Tuttavia, alcuni scettici hanno cercato di disperdere le nuvole che coprono la luna. Hanno visto così che il temuto mostro, divoratore d’uomini, era in realtà una corda, contraddicendo le canoniche litanie della paura. Ma questo non li ha affatto rassicurati. Quella corda è infatti usata per legare mani e piedi, cuore e cervello della gente. Ricorda la corda con cui l’Inquisizione torturava gli inquisiti, il cappio con cui si veniva impiccati.
In quella corda si annodano tutti i vincoli penosi, di natura fisica e morale, che il covidismo vuol imporci per il nostro bene; i veleni che vuol somministrarci come antidoto al presunto veleno del serpente. Perciò, più del serpente ci spaventa la corda; più di un’influenza passeggera temiamo una durevole dittatura.

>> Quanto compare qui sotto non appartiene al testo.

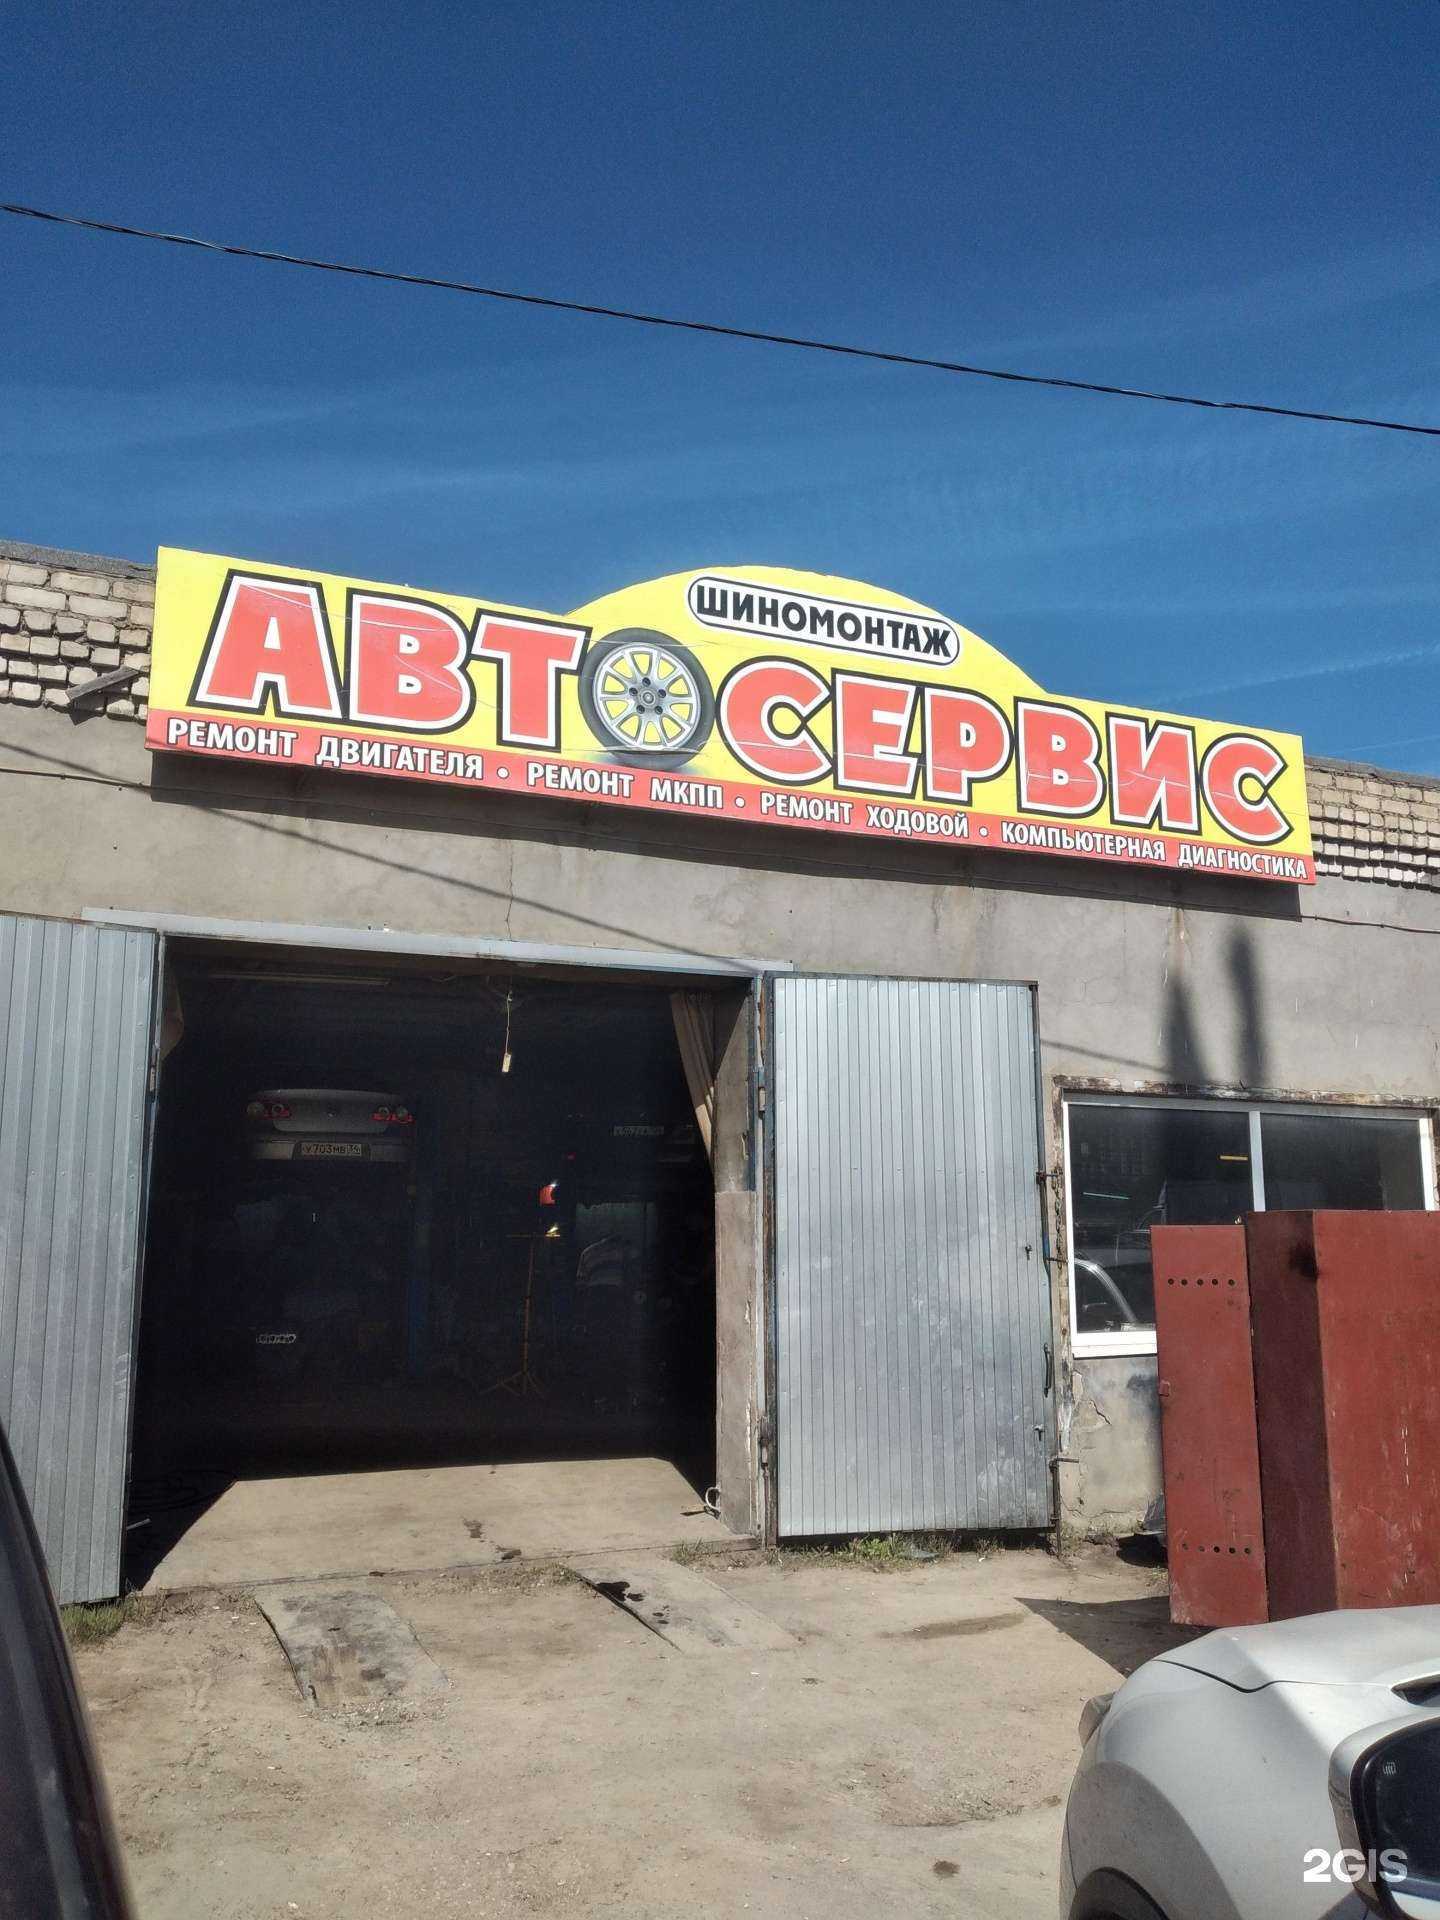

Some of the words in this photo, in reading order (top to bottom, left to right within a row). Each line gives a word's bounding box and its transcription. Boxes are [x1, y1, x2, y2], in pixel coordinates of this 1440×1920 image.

Il covidismo è dunque un’illusione ottica. Ma per il covidista è la corda la vera allucinazione, il fantasma di un complotto. Si creano così due visioni contrapposte, due mondi ostili e divisi. E i pochi visionari che temono la corda si sentono ribelli e naufraghi in un mare di menzogne, “rari nantes in gurgite vasto”. Forse impauriti come don Abbondio, speriamo non altrettanto vili.